(Your objective): Retype the lines below exactly, but only those from the line that has "Some of the text" through the line that has "this 1300×975 image.". Omit every picture.

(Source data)
════════
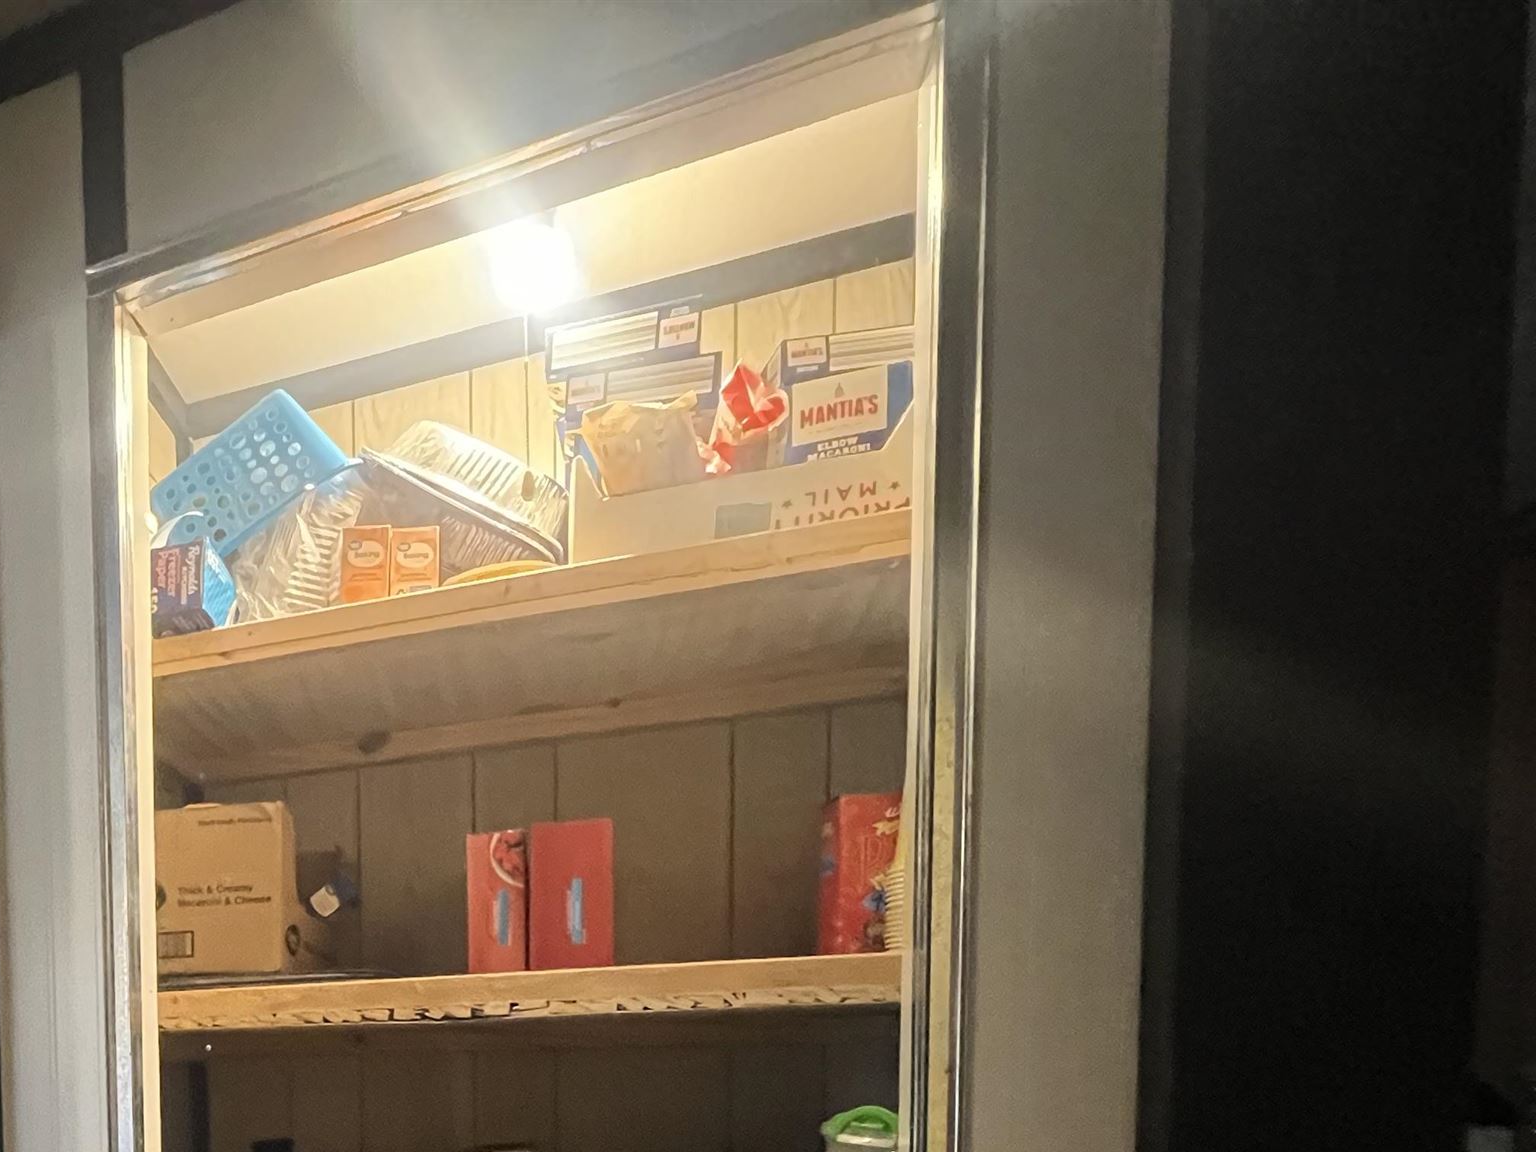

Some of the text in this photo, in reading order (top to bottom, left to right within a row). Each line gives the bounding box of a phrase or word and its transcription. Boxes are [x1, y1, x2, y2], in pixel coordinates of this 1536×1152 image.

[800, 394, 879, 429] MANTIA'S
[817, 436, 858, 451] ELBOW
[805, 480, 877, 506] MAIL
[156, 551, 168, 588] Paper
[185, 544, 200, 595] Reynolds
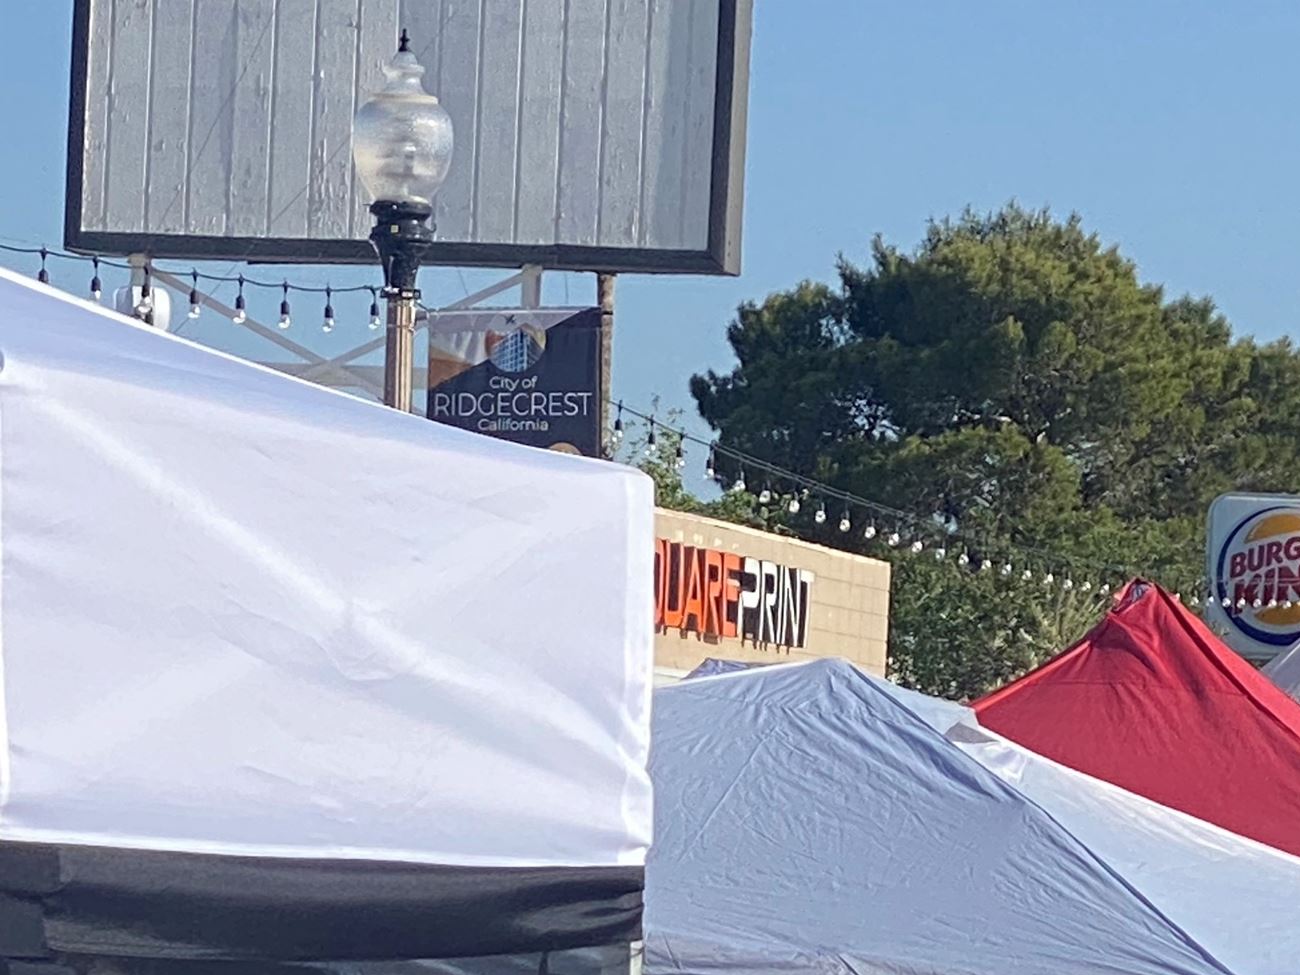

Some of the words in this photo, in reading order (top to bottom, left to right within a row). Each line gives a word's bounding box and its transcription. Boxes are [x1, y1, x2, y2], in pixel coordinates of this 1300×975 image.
════════
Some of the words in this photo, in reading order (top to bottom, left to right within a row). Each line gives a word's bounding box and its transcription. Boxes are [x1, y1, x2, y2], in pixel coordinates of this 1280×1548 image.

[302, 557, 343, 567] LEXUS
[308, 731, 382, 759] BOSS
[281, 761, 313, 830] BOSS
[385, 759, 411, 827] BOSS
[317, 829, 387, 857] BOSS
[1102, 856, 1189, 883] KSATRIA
════════
(Exercise output):
Some of the text in this photo, in reading order (top to bottom, left to right within a row). Each line gives the bounding box of a phrase or word and its transcription. Boxes are [x1, y1, x2, y2], in pixel coordinates of this 1536×1152 image.

[800, 394, 879, 429] MANTIA'S
[817, 436, 858, 451] ELBOW
[805, 480, 877, 506] MAIL
[156, 551, 168, 588] Paper
[185, 544, 200, 595] Reynolds

Some of the words in this photo, in reading order (top to bottom, left to right within a row). Each line gives a word's bounding box and its transcription. Boxes are [x1, y1, x2, y2], in pixel coordinates of this 1300×975 image.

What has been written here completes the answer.